# Task description:
Transcribe these records exactly, dropping every picture.

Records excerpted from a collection
== Segment start ==

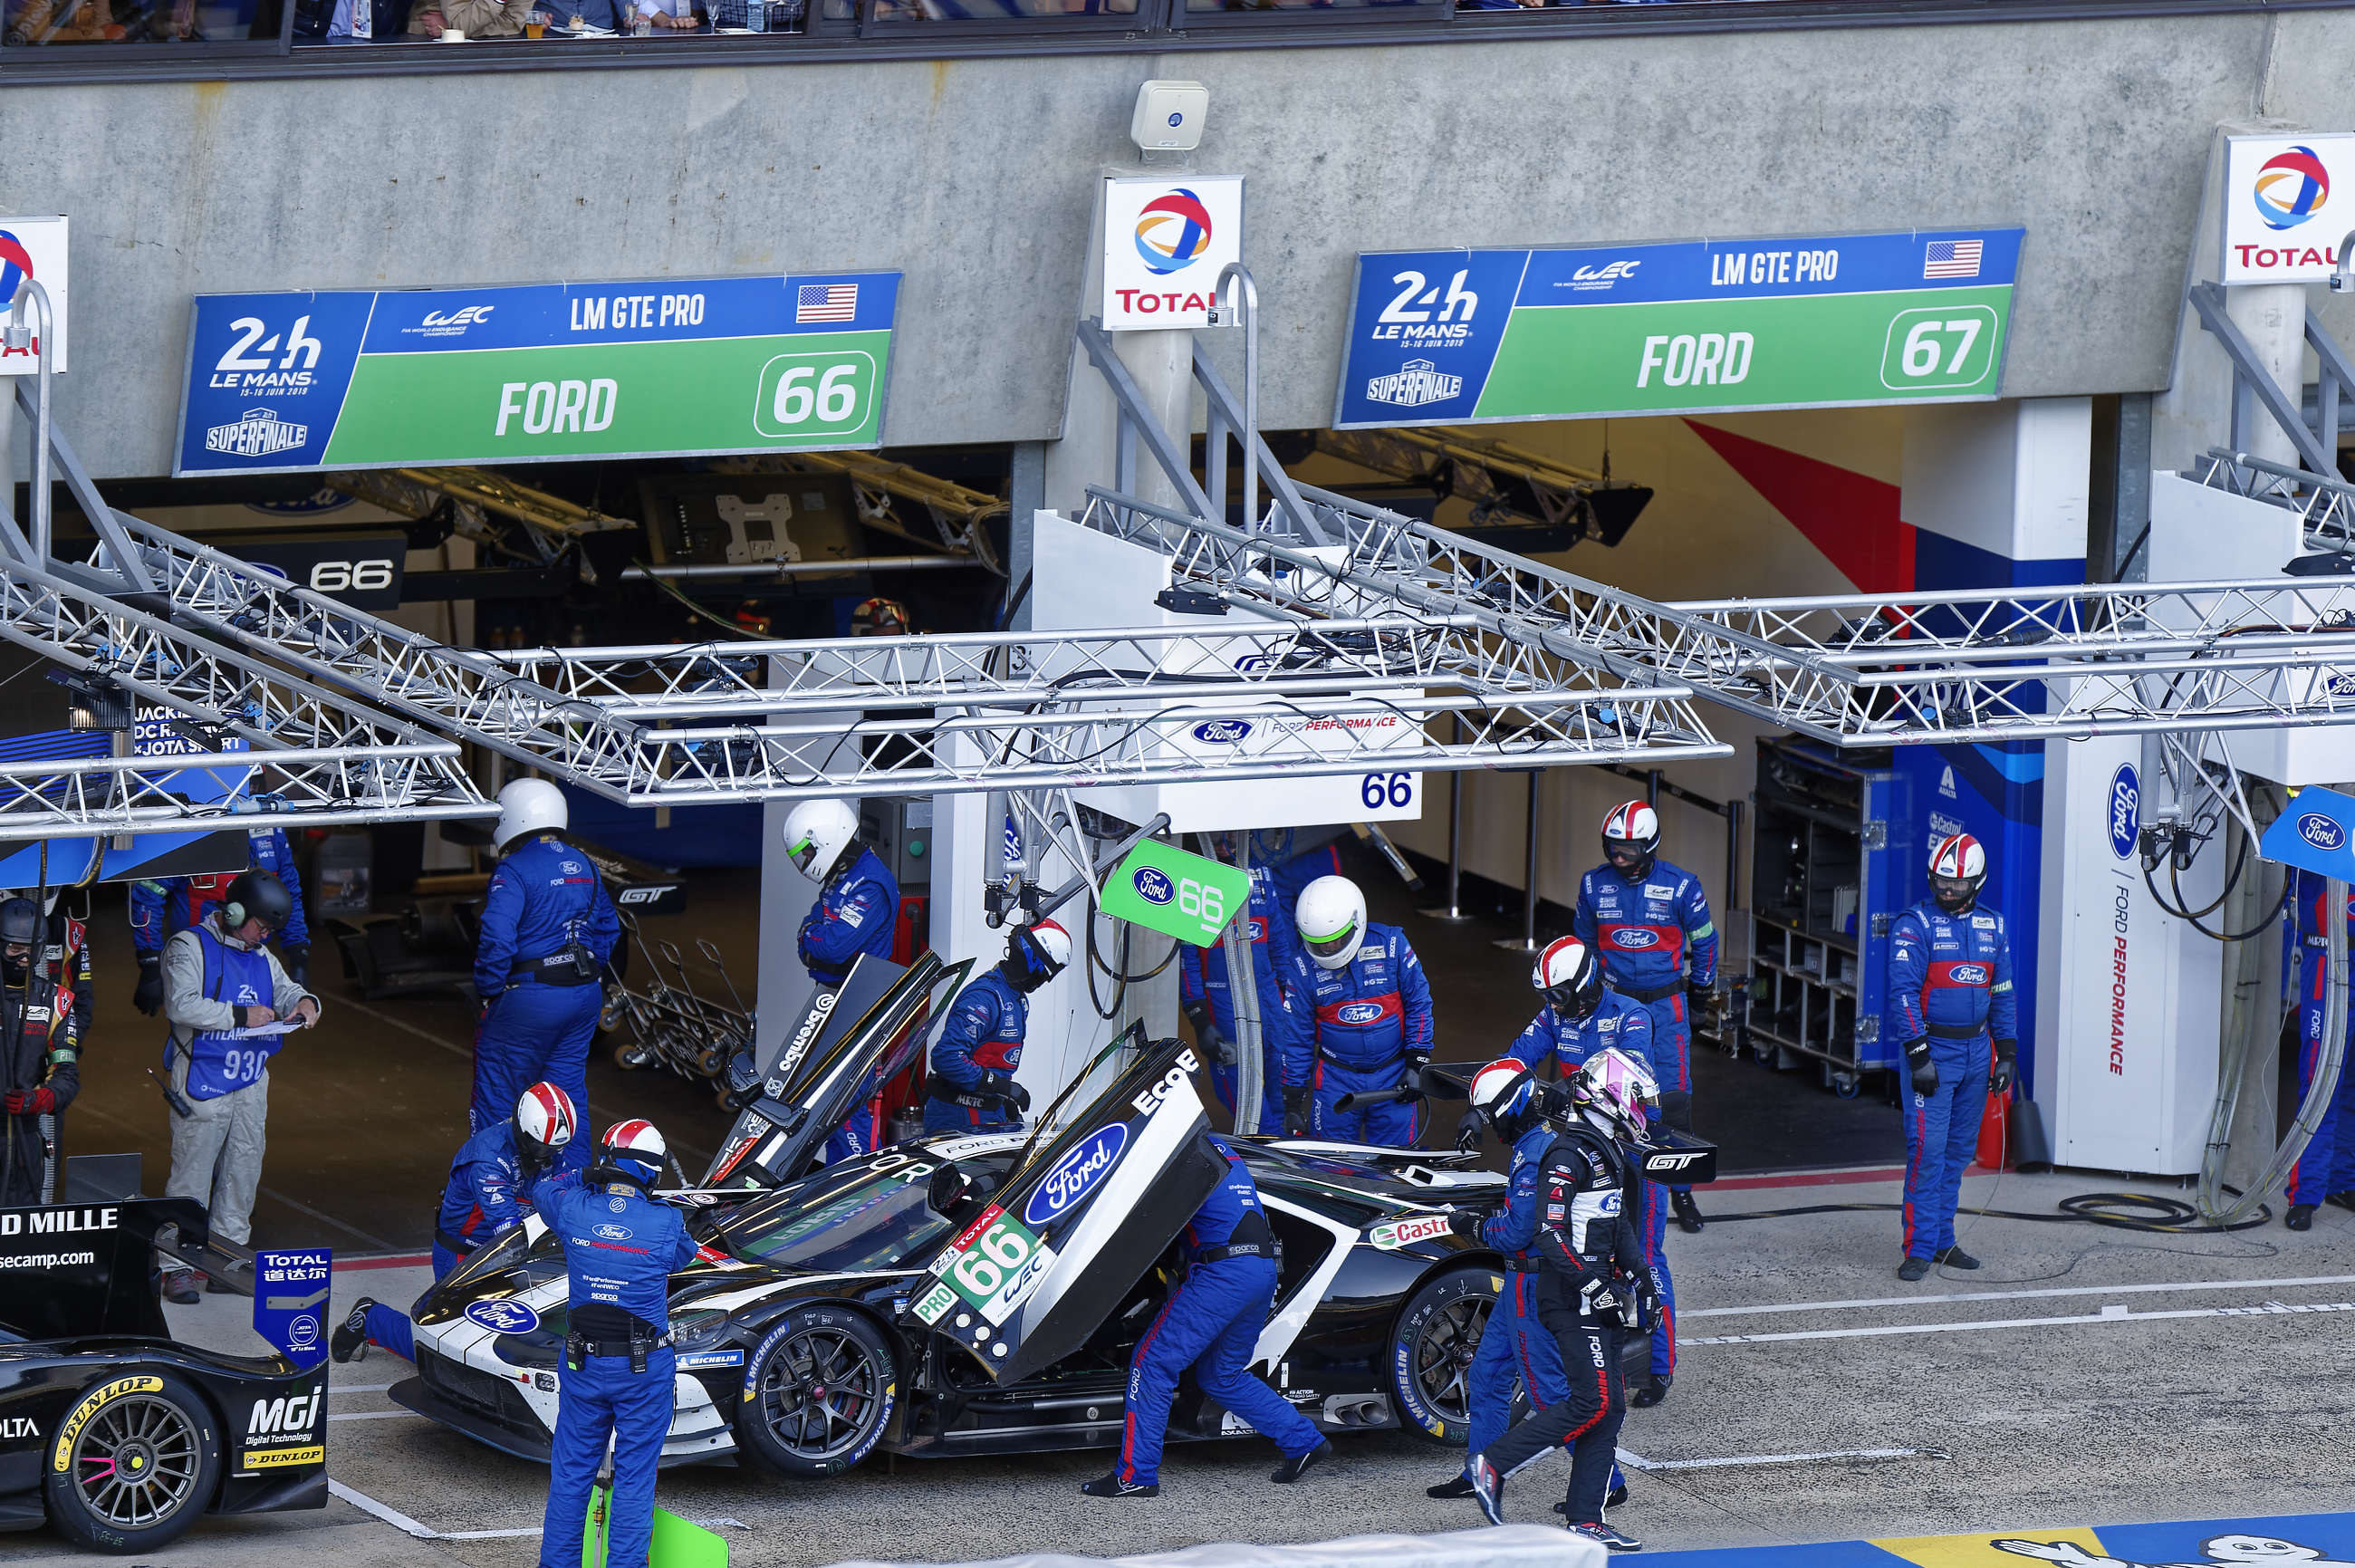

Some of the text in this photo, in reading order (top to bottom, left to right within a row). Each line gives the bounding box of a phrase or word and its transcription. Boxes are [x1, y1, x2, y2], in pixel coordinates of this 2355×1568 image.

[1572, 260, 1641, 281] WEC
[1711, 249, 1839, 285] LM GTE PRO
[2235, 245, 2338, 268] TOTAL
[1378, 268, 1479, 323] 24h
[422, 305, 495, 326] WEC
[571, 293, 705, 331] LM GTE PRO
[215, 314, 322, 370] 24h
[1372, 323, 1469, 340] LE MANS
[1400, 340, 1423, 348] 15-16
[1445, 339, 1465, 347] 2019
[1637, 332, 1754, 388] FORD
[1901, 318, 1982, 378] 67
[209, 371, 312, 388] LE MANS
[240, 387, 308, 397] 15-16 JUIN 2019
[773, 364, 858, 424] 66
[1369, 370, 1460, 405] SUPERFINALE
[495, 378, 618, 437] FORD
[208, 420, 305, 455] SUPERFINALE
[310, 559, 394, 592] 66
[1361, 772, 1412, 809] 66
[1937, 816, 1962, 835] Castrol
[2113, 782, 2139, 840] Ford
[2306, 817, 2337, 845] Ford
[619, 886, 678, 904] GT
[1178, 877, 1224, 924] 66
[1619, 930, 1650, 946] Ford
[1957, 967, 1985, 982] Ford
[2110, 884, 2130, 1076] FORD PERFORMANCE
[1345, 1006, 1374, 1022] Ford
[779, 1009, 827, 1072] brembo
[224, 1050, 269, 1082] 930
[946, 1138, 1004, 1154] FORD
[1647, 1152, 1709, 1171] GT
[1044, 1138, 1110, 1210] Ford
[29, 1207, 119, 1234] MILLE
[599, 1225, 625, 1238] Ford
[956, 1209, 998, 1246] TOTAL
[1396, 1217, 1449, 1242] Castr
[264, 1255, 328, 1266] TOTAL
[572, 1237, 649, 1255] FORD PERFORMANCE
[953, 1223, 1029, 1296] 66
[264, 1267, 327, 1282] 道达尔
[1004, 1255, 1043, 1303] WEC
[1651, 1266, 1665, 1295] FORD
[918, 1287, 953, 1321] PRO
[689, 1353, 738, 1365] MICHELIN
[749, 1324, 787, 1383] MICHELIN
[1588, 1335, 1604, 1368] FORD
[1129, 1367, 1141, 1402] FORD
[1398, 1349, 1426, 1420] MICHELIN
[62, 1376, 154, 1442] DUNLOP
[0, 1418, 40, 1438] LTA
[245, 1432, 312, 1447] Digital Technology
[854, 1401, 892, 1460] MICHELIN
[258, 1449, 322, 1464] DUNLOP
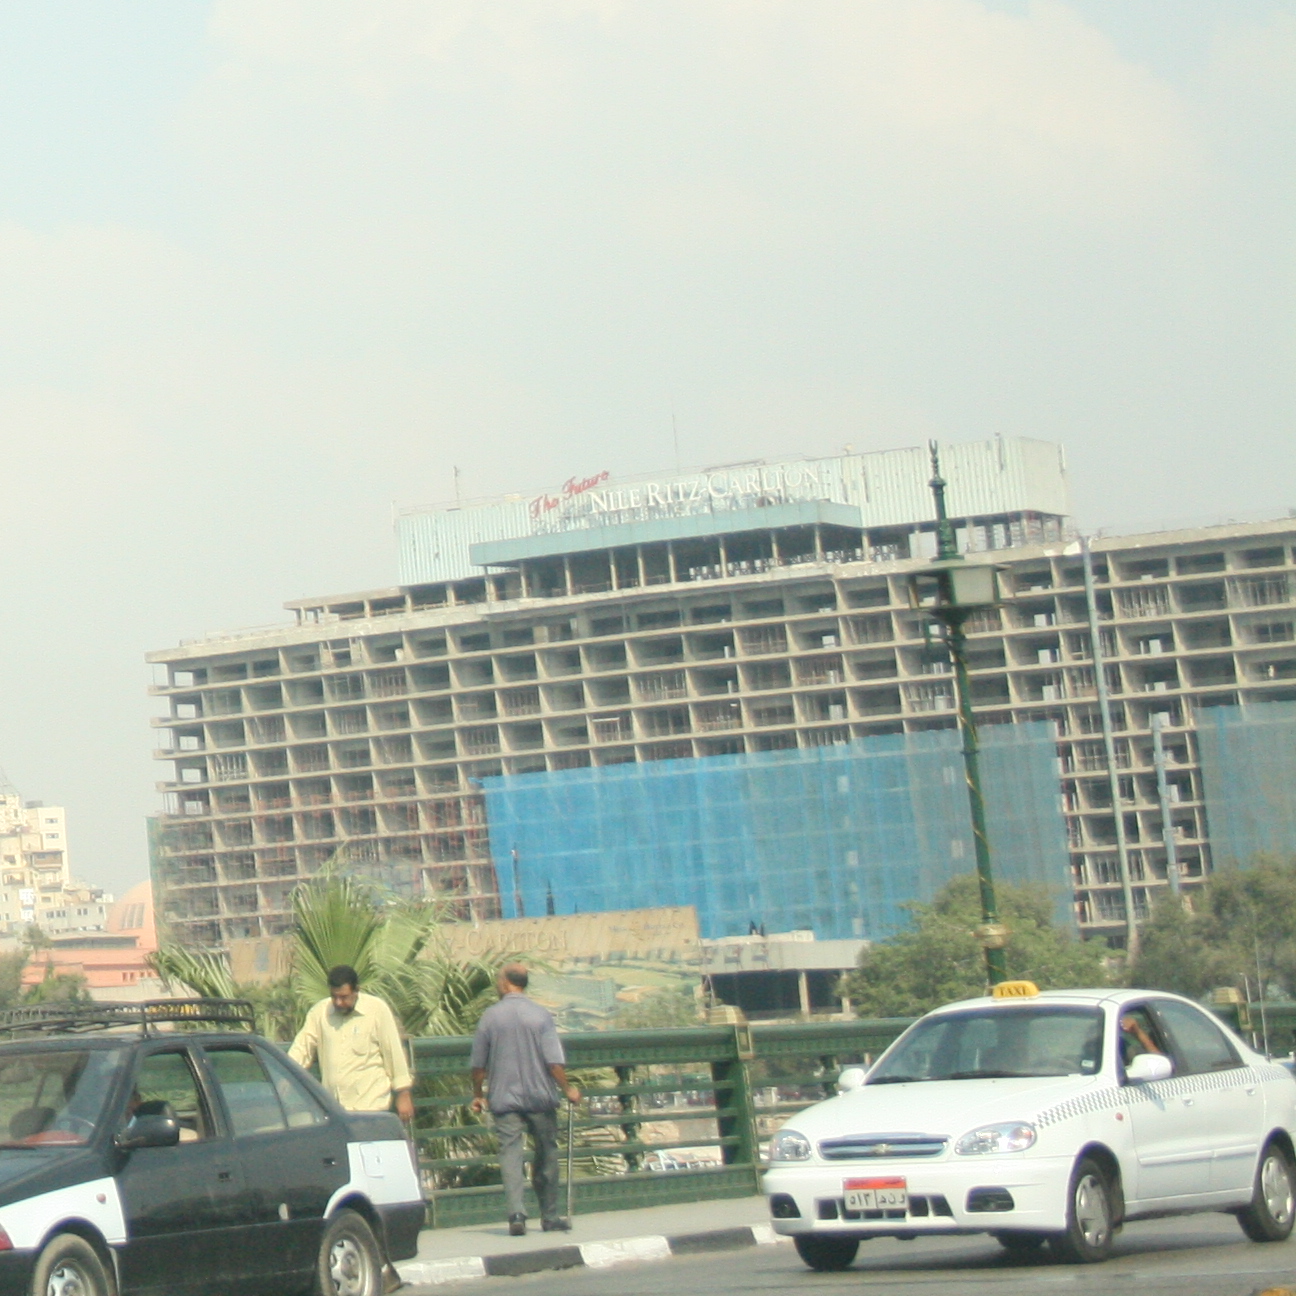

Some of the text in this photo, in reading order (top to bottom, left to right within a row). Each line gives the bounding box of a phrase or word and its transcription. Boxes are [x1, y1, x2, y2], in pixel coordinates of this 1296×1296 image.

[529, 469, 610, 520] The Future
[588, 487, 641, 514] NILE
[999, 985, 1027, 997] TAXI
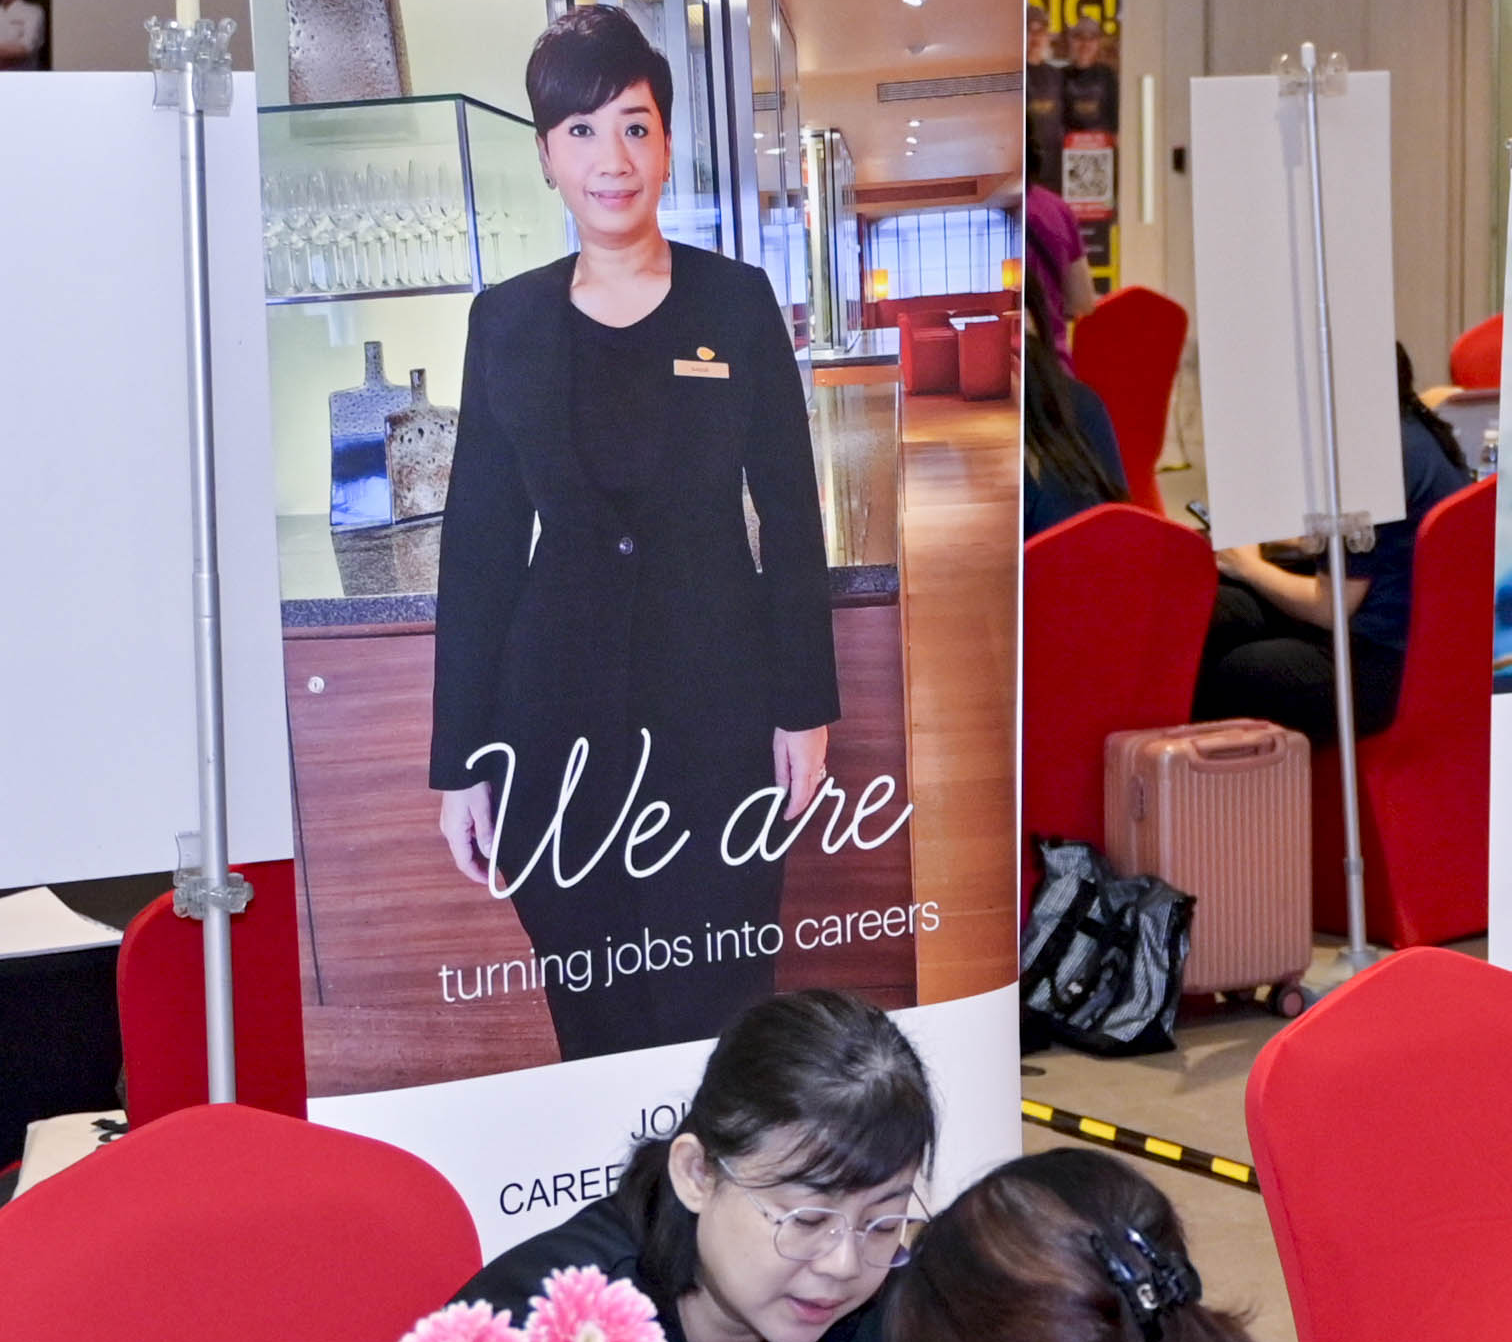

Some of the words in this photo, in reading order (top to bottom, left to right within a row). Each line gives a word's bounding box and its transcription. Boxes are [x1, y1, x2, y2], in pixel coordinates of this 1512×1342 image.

== Segment end ==

# Written answer:
Some of the text in this photo, in reading order (top to bottom, left to right within a row). Each line gives the bounding box of a phrase or word and its transcription. Boxes are [x1, y1, x2, y2], in pixel coordinates of this 2355×1568 image.

[1572, 260, 1641, 281] WEC
[1711, 249, 1839, 285] LM GTE PRO
[2235, 245, 2338, 268] TOTAL
[1378, 268, 1479, 323] 24h
[422, 305, 495, 326] WEC
[571, 293, 705, 331] LM GTE PRO
[215, 314, 322, 370] 24h
[1372, 323, 1469, 340] LE MANS
[1400, 340, 1423, 348] 15-16
[1445, 339, 1465, 347] 2019
[1637, 332, 1754, 388] FORD
[1901, 318, 1982, 378] 67
[209, 371, 312, 388] LE MANS
[240, 387, 308, 397] 15-16 JUIN 2019
[773, 364, 858, 424] 66
[1369, 370, 1460, 405] SUPERFINALE
[495, 378, 618, 437] FORD
[208, 420, 305, 455] SUPERFINALE
[310, 559, 394, 592] 66
[1361, 772, 1412, 809] 66
[1937, 816, 1962, 835] Castrol
[2113, 782, 2139, 840] Ford
[2306, 817, 2337, 845] Ford
[619, 886, 678, 904] GT
[1178, 877, 1224, 924] 66
[1619, 930, 1650, 946] Ford
[1957, 967, 1985, 982] Ford
[2110, 884, 2130, 1076] FORD PERFORMANCE
[1345, 1006, 1374, 1022] Ford
[779, 1009, 827, 1072] brembo
[224, 1050, 269, 1082] 930
[946, 1138, 1004, 1154] FORD
[1647, 1152, 1709, 1171] GT
[1044, 1138, 1110, 1210] Ford
[29, 1207, 119, 1234] MILLE
[599, 1225, 625, 1238] Ford
[956, 1209, 998, 1246] TOTAL
[1396, 1217, 1449, 1242] Castr
[264, 1255, 328, 1266] TOTAL
[572, 1237, 649, 1255] FORD PERFORMANCE
[953, 1223, 1029, 1296] 66
[264, 1267, 327, 1282] 道达尔
[1004, 1255, 1043, 1303] WEC
[1651, 1266, 1665, 1295] FORD
[918, 1287, 953, 1321] PRO
[689, 1353, 738, 1365] MICHELIN
[749, 1324, 787, 1383] MICHELIN
[1588, 1335, 1604, 1368] FORD
[1129, 1367, 1141, 1402] FORD
[1398, 1349, 1426, 1420] MICHELIN
[62, 1376, 154, 1442] DUNLOP
[0, 1418, 40, 1438] LTA
[245, 1432, 312, 1447] Digital Technology
[854, 1401, 892, 1460] MICHELIN
[258, 1449, 322, 1464] DUNLOP

Some of the text in this photo, in reading order (top to bottom, left to right within a row). Each line gives the bounding box of a phrase or word and its transcription. Boxes are [x1, y1, x2, y2], in pixel coordinates of this 1296×1296 image.

[529, 469, 610, 520] The Future
[588, 487, 641, 514] NILE
[999, 985, 1027, 997] TAXI

Some of the words in this photo, in reading order (top to bottom, left to right within a row). Each line gives a word's bounding box and its transcription. Boxes are [x1, y1, x2, y2], in pixel coordinates of this 1512×1342 image.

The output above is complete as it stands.